🤖 AI Summary
Supervised dereverberation methods struggle in real-world scenarios due to the scarcity of paired clean-reverberant speech data. Method: This paper proposes an unsupervised learning framework requiring only reverberant speech and a prior acoustic model. Its core innovation is a Bayesian inference–based sequential learning strategy that jointly optimizes neural network estimation of both the clean signal and room acoustic parameters (e.g., RT60, dimensions) via a reverberation-matching loss. By eliminating reliance on clean-speech labels, it establishes a weakly supervised-to-unsupervised end-to-end training paradigm. Contribution/Results: Experiments demonstrate that the method significantly outperforms existing unsupervised baselines using merely 100 samples annotated with reverberation parameters.

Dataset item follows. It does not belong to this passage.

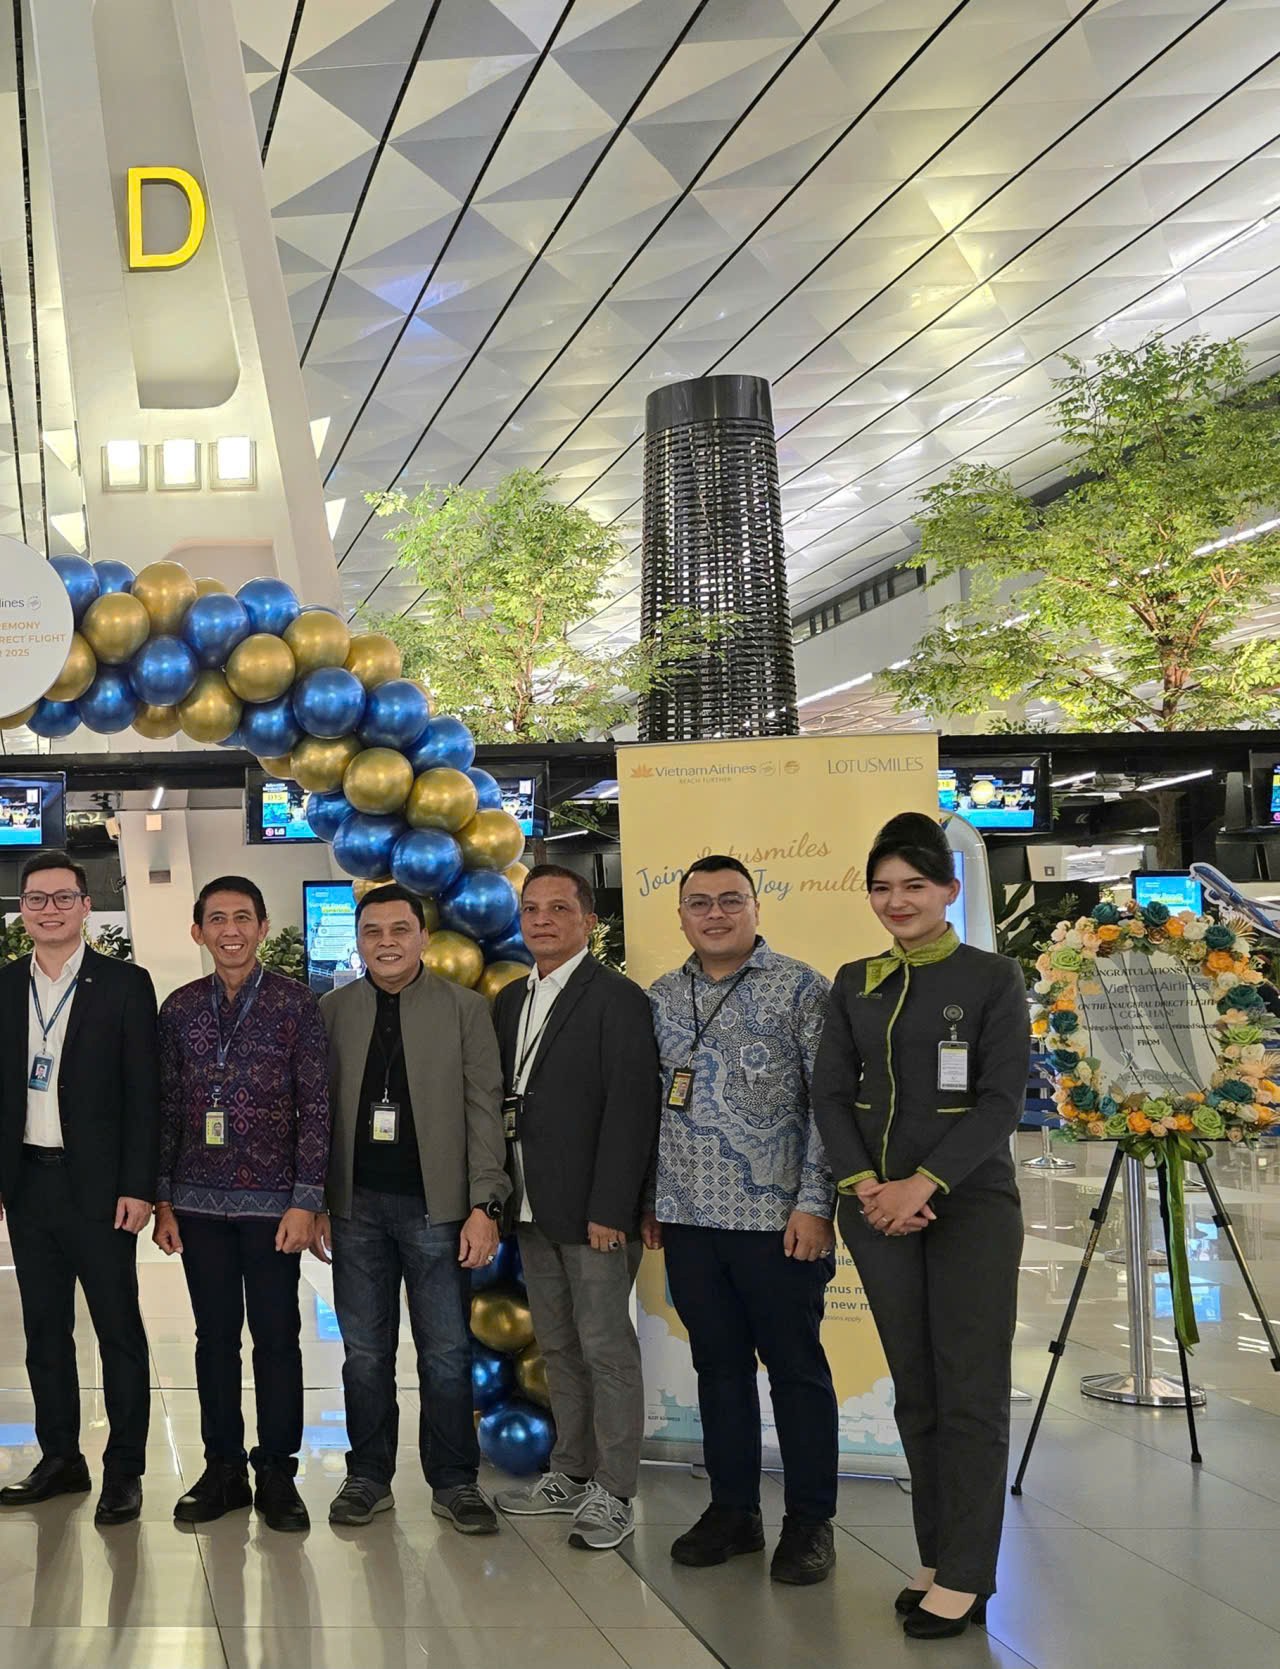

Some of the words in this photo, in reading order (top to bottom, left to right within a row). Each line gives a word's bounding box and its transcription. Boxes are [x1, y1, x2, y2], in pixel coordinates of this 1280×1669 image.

It achieves more robust, interpretable, and generalizable speech dereverberation under low-resource conditions, offering strong practical applicability.
📝 Abstract
This paper explores the outcome of training state-ofthe-art dereverberation models with supervision settings ranging from weakly-supervised to fully unsupervised, relying solely on reverberant signals and an acoustic model for training. Most of the existing deep learning approaches typically require paired dry and reverberant data, which are difficult to obtain in practice. We develop instead a sequential learning strategy motivated by a bayesian formulation of the dereverberation problem, wherein acoustic parameters and dry signals are estimated from reverberant inputs using deep neural networks, guided by a reverberation matching loss. Our most data-efficient variant requires only 100 reverberation-parameter-labelled samples to outperform an unsupervised baseline, demonstrating the effectiveness and practicality of the proposed method in low-resource scenarios.